Extremal and optimal properties of B-bases Collocation Matrices
Jorge Delgado, J. M. Peña
TL;DR
The paper investigates extremal and optimal properties of collocation matrices arising from normalized B-bases within spaces of functions. By exploiting corner-cutting factorizations of TP matrices and representing any NTP collocation matrix as $A=MK$ with $K$ a TP stochastic matrix, it proves that the minimal eigenvalue $\lambda_{\min}$ and minimal singular value $\sigma_{\min}$ of any NTP collocation matrix are bounded above by those of the normalized B-basis collocation matrix, which underscores the B-basis’s shape-preserving and conditioning advantages. It also shows that this extremal behavior extends to $\,\kappa_{\infty}$ conditioning, i.e., $\kappa_{\infty}(M)\le\kappa_{\infty}(A)$, while the maximal singular value does not enjoy a parallel bound.

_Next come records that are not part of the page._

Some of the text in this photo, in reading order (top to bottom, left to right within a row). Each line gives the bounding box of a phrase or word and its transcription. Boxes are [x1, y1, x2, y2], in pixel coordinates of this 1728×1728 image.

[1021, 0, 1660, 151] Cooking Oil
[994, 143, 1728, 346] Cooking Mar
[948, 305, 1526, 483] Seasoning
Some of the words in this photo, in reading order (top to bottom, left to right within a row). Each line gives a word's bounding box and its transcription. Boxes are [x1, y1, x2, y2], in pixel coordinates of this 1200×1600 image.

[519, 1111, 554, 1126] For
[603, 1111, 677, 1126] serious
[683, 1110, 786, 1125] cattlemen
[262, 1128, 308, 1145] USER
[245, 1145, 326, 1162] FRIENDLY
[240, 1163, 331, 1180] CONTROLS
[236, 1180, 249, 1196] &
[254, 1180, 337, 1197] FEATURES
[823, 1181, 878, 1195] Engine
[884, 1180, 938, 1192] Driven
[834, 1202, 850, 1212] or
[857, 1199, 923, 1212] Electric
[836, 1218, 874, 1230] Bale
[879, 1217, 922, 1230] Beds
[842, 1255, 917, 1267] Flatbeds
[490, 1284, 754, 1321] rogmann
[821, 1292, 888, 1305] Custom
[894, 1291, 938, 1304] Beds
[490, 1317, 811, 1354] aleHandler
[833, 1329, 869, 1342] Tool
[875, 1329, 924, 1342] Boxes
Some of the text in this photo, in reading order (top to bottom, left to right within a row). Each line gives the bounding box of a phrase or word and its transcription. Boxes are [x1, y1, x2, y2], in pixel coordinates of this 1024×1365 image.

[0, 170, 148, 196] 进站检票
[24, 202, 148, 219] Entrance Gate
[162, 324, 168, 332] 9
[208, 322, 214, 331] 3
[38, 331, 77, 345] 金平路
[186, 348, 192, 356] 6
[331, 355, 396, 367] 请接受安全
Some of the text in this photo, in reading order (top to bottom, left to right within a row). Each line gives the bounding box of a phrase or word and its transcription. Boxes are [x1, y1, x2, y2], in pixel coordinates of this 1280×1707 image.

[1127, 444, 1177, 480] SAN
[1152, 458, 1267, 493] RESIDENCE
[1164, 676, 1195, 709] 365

Numerical experiments with Bernstein, B-spline, rational Bernstein, Said-Ball, and DP bases corroborate the theory, illustrating the practical impact for stable, shape-preserving representations in approximation and CAGD contexts.
Abstract
Totally positive matrices are related with the shape preserving representations of a space of functions. The normalized B-basis of the space has optimal shape preserving properties. B-splines and rational Bernstein bases are examples of normalized B-bases. Some results on the optimal conditioning and on extremal properties of the minimal eigenvalue and singular value of the collocation matrices of normalized B-bases are proved. Numerical examples confirm the theoretical results and answer related questions.